Formerly 'buggritall'
RPGnet Member
Validated User
#13
To me the important thing you get with an 'economy', or Fate 2.0's limits per session, is that it allows you to be more freeform with your aspects.

At first glance Fantastic At Everything looks like an overpowered aspect. And it is kind of a boring one. But in play it's not a big deal because sure, you can invoke being Fantastic At Everything five times or whatever in a row but then you're out of fate points and have to earn them back the normal way.
Or in F2.0, ok, sure, you got to be Fantastic At Everything once, now time to look at all your other aspects.

Without limitations, the nature of aspects/traits has to be much more closely regulated or negotiated.
 

TheRoleplayer

Nowhere Man
Validated User
#14
It's been a minute, but Cold City/ Hot War: characters have only 3 stats (Action, Insight, Influence) and freeform Traits (pretty much Aspects, but you usually start with 3 positive and 2 negative ones).

Your 3 Stats are dice pools, and you get an extra dice for each Trait relevant to the conflict, be it positive or negative.

The highest individual dice defines the winner, and if it so happens to be a dice from a negative trait, a complication comes along.

Each of your dice that are higher than the opposition's highest is a success, which you then spend on several benefits (reducing a Stat, turning a positive trait into negative, giving a new negative trait, etc).
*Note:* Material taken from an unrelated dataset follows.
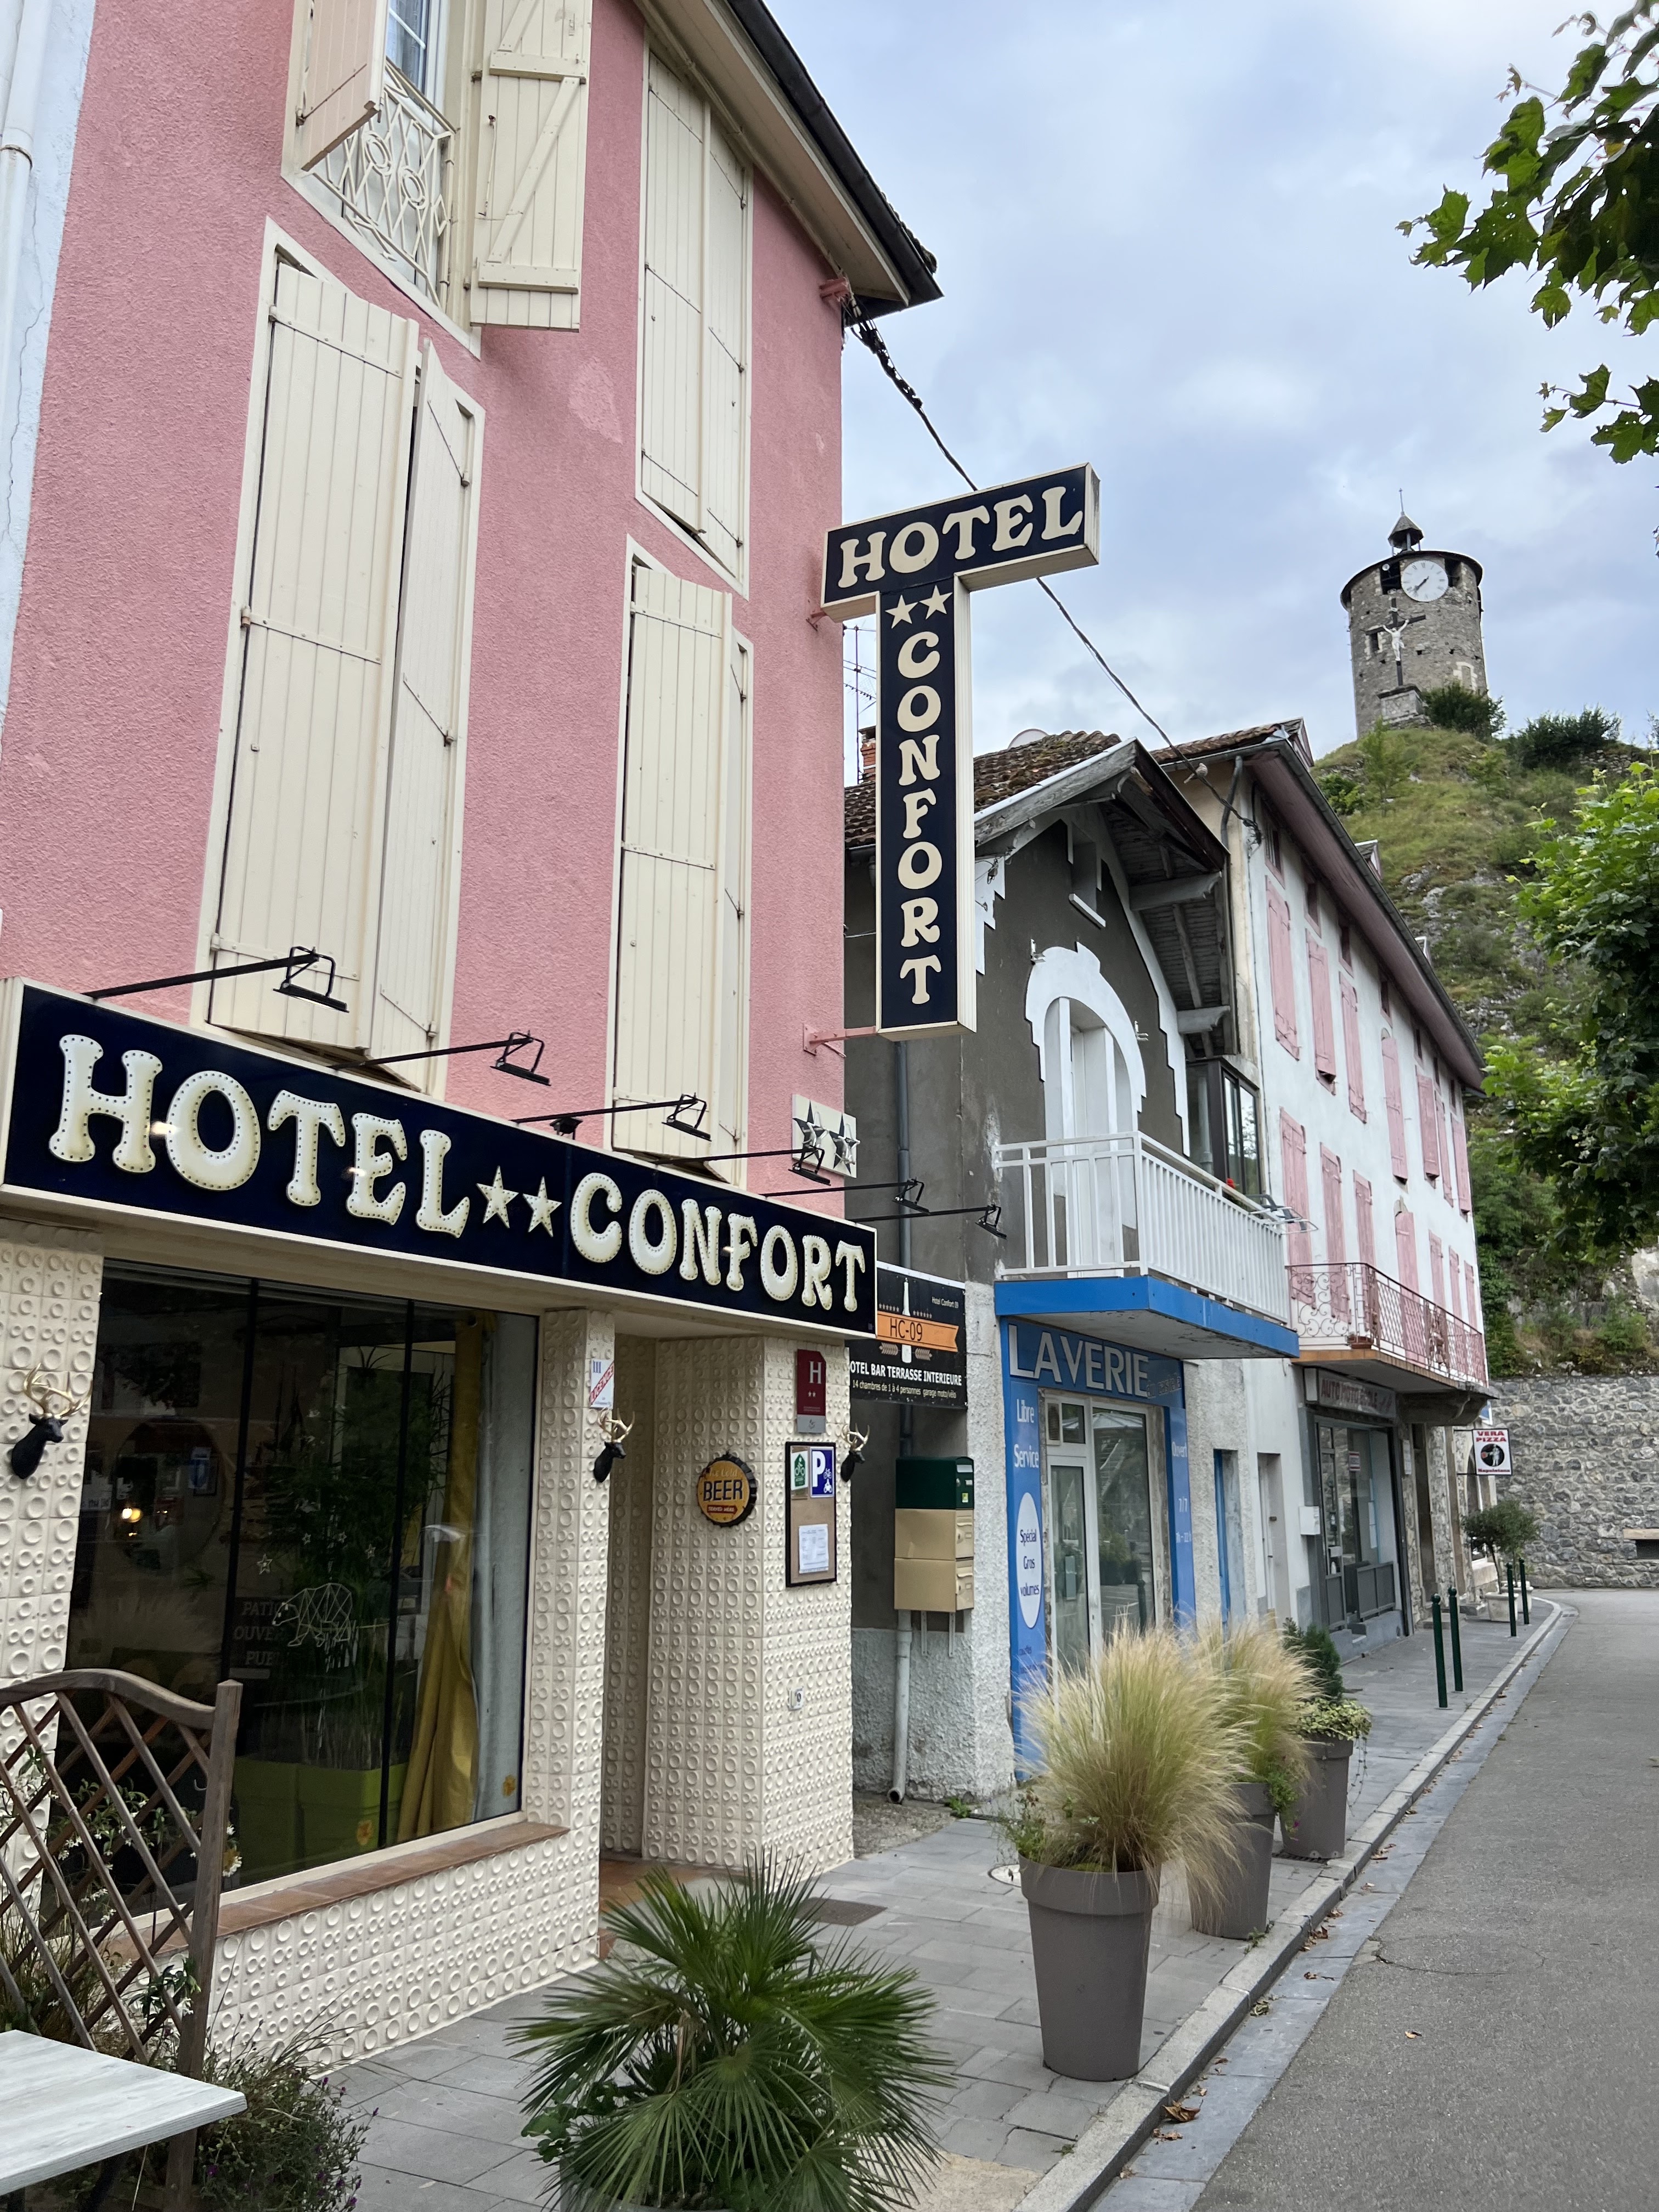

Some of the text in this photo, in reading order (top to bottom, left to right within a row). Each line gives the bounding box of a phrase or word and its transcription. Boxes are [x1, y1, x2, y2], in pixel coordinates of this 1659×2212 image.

Stats and Traits can be targeted, so among the benefits of successes you might want to "lock" them, and this way protecting them from change.
 

Sangrolu

Social Justice Ninja
Validated User
#15
City of Mist has traits which are basically aspects but without any sort of economy. Both in terms of giving you permissions to perform unusual tasks and giving you bonuses. To determine what your effective rating is for whatever you're trying, you just add up the tags and use that as your bonus.
That was going to be my contribution

Without limitations, the nature of aspects/traits has to be much more closely regulated or negotiated.
And that's my take on CoM's weaknesses. I tell players to just be casual and I don't really super scrutinize things until they have more than 3 tags. But it seems like at the point, you are spending a lot of time and mental energy imagining why a given tag would apply.
 

avram

Registered User
Validated User
#17
It occurs to me - please do correct me if I’m wrong here though, as it’s not a game I’ve ever played - that one could use Advantage and Disadvantage in D&D 5e for this purpose. Perhaps giving character a set number of positive aspects, and the same number of negative, and of double-edged or ambiguous. Or whatever numbers, frankly, or even only double-edged / ambiguous, as preferred. And whenever an aspect applies positively.. Advantage. And so on.
There are a couple of OSR games that do something like this. Sharp Swords & Sinister Spells has three very broad character classes (basically Fighter, Thief, and Mage), and has PCs take a vocation to make themselves more specific. One Fighter could take Soldier as a vocation, while another takes Barbarian, or Musketeer, or Pirate. You roll with advantage on things your vocation makes you good at. The rules don't say anything about disadvantage on things your vocation should be bad at, though.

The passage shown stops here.